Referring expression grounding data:
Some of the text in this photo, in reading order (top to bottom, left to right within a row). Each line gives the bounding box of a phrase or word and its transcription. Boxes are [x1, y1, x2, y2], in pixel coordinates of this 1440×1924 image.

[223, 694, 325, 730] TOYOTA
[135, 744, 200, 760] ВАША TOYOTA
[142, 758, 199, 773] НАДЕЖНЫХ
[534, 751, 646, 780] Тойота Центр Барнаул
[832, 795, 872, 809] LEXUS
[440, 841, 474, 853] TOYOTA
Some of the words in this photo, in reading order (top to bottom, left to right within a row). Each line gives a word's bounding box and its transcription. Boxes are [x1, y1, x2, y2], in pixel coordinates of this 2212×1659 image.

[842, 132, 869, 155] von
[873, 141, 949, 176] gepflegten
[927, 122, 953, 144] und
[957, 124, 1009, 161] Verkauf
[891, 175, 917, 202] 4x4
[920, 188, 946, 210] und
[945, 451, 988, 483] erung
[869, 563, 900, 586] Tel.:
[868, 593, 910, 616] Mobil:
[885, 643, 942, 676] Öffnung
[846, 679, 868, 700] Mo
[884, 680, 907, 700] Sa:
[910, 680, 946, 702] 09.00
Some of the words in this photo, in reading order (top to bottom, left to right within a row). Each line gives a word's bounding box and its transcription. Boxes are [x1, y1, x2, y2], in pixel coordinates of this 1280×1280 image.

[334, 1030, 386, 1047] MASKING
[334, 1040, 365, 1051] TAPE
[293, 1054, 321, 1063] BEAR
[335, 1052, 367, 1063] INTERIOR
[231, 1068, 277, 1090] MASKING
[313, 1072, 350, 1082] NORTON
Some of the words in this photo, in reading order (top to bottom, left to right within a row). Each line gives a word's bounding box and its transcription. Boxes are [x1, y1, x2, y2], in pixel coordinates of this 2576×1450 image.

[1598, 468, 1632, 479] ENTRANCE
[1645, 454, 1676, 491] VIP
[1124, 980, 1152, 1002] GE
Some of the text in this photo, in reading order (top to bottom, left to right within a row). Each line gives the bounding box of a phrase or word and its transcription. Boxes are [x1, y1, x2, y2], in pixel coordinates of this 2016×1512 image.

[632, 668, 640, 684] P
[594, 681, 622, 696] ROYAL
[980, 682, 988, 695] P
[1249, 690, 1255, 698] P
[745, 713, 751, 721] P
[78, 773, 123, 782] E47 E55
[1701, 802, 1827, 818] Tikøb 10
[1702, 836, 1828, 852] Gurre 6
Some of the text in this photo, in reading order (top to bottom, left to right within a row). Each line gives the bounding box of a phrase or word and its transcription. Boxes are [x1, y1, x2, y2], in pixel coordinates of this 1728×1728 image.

Instructions for the task: Full transcription, please: every entry, exactly as written.

Output for this exercise:
Some of the text in this photo, in reading order (top to bottom, left to right within a row). Each line gives the bounding box of a phrase or word and its transcription. Boxes are [x1, y1, x2, y2], in pixel coordinates of this 1440×1924 image.

[223, 694, 325, 730] TOYOTA
[135, 744, 200, 760] ВАША TOYOTA
[142, 758, 199, 773] НАДЕЖНЫХ
[534, 751, 646, 780] Тойота Центр Барнаул
[832, 795, 872, 809] LEXUS
[440, 841, 474, 853] TOYOTA
Some of the words in this photo, in reading order (top to bottom, left to right within a row). Each line gives a word's bounding box and its transcription. Boxes are [x1, y1, x2, y2], in pixel coordinates of this 2212×1659 image.

[842, 132, 869, 155] von
[873, 141, 949, 176] gepflegten
[927, 122, 953, 144] und
[957, 124, 1009, 161] Verkauf
[891, 175, 917, 202] 4x4
[920, 188, 946, 210] und
[945, 451, 988, 483] erung
[869, 563, 900, 586] Tel.:
[868, 593, 910, 616] Mobil:
[885, 643, 942, 676] Öffnung
[846, 679, 868, 700] Mo
[884, 680, 907, 700] Sa:
[910, 680, 946, 702] 09.00
Some of the words in this photo, in reading order (top to bottom, left to right within a row). Each line gives a word's bounding box and its transcription. Boxes are [x1, y1, x2, y2], in pixel coordinates of this 1280×1280 image.

[334, 1030, 386, 1047] MASKING
[334, 1040, 365, 1051] TAPE
[293, 1054, 321, 1063] BEAR
[335, 1052, 367, 1063] INTERIOR
[231, 1068, 277, 1090] MASKING
[313, 1072, 350, 1082] NORTON
Some of the words in this photo, in reading order (top to bottom, left to right within a row). Each line gives a word's bounding box and its transcription. Boxes are [x1, y1, x2, y2], in pixel coordinates of this 2576×1450 image.

[1598, 468, 1632, 479] ENTRANCE
[1645, 454, 1676, 491] VIP
[1124, 980, 1152, 1002] GE
Some of the text in this photo, in reading order (top to bottom, left to right within a row). Each line gives the bounding box of a phrase or word and its transcription. Boxes are [x1, y1, x2, y2], in pixel coordinates of this 2016×1512 image.

[632, 668, 640, 684] P
[594, 681, 622, 696] ROYAL
[980, 682, 988, 695] P
[1249, 690, 1255, 698] P
[745, 713, 751, 721] P
[78, 773, 123, 782] E47 E55
[1701, 802, 1827, 818] Tikøb 10
[1702, 836, 1828, 852] Gurre 6
Some of the text in this photo, in reading order (top to bottom, left to right within a row). Each line gives the bounding box of a phrase or word and its transcription. Boxes are [x1, y1, x2, y2], in pixel coordinates of this 1728×1728 image.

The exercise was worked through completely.